DATA FOR THIS TASK:
Segment Open

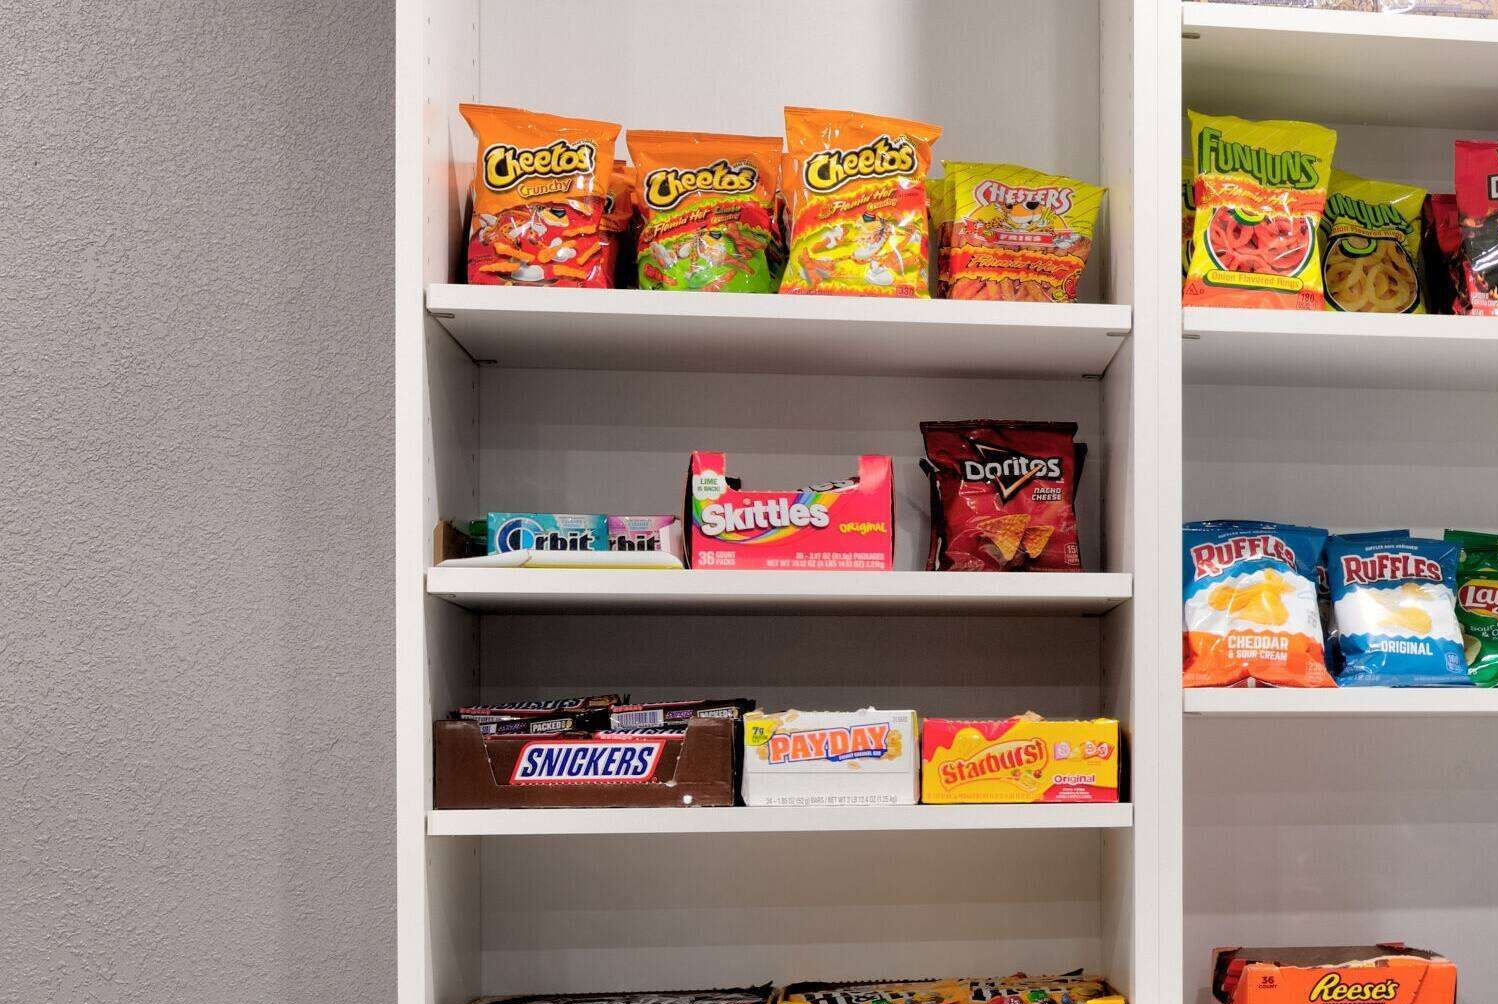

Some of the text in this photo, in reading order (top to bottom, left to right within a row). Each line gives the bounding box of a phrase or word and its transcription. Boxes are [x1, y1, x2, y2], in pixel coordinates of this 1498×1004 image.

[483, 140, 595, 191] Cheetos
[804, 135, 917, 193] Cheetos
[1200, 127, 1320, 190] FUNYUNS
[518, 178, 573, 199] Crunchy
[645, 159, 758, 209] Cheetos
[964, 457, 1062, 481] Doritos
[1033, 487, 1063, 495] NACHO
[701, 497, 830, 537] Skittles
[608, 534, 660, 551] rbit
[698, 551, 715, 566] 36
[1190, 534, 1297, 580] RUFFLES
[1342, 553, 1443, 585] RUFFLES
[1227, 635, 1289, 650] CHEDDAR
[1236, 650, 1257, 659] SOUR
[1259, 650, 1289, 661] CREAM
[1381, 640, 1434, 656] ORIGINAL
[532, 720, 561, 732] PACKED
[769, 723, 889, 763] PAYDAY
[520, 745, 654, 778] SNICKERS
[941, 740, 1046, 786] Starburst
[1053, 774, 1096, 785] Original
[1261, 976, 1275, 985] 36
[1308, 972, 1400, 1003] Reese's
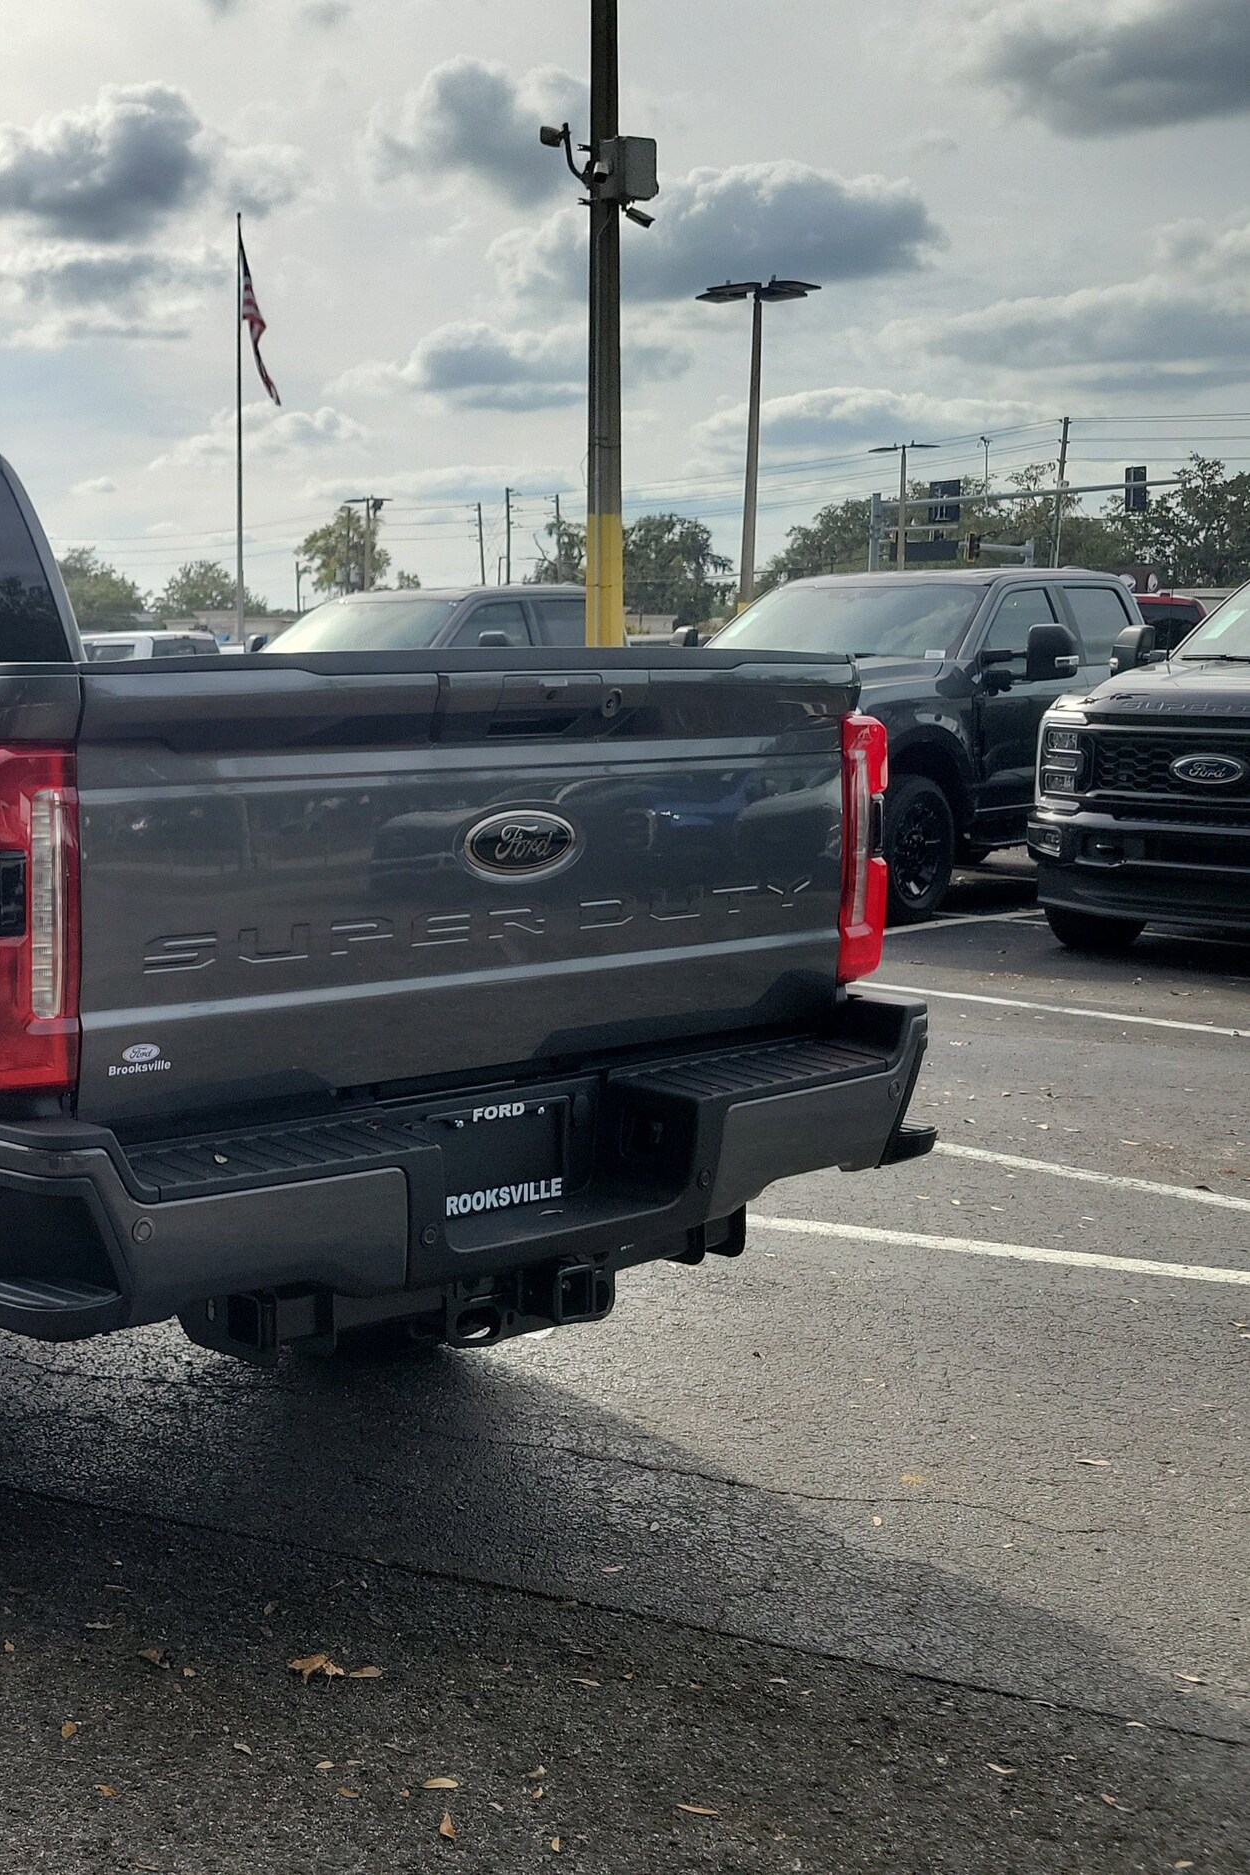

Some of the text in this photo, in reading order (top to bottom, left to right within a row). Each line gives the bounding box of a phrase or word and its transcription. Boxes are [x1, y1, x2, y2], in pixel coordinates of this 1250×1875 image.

Segment Closed

ACTIVITY:
Would you set down every line of the data above exactly, skipping the pictures?

OUTPUT OF THE TASK:
Some of the text in this photo, in reading order (top to bottom, left to right within a row). Each line gives the bounding box of a phrase or word and its transcription. Boxes are [x1, y1, x2, y2], in pixel coordinates of this 1498×1004 image.

[483, 140, 595, 191] Cheetos
[804, 135, 917, 193] Cheetos
[1200, 127, 1320, 190] FUNYUNS
[518, 178, 573, 199] Crunchy
[645, 159, 758, 209] Cheetos
[964, 457, 1062, 481] Doritos
[1033, 487, 1063, 495] NACHO
[701, 497, 830, 537] Skittles
[608, 534, 660, 551] rbit
[698, 551, 715, 566] 36
[1190, 534, 1297, 580] RUFFLES
[1342, 553, 1443, 585] RUFFLES
[1227, 635, 1289, 650] CHEDDAR
[1236, 650, 1257, 659] SOUR
[1259, 650, 1289, 661] CREAM
[1381, 640, 1434, 656] ORIGINAL
[532, 720, 561, 732] PACKED
[769, 723, 889, 763] PAYDAY
[520, 745, 654, 778] SNICKERS
[941, 740, 1046, 786] Starburst
[1053, 774, 1096, 785] Original
[1261, 976, 1275, 985] 36
[1308, 972, 1400, 1003] Reese's

Some of the text in this photo, in reading order (top to bottom, left to right within a row). Each line gives the bounding box of a phrase or word and its transcription. Boxes are [x1, y1, x2, y2], in pixel coordinates of this 1250×1875 image.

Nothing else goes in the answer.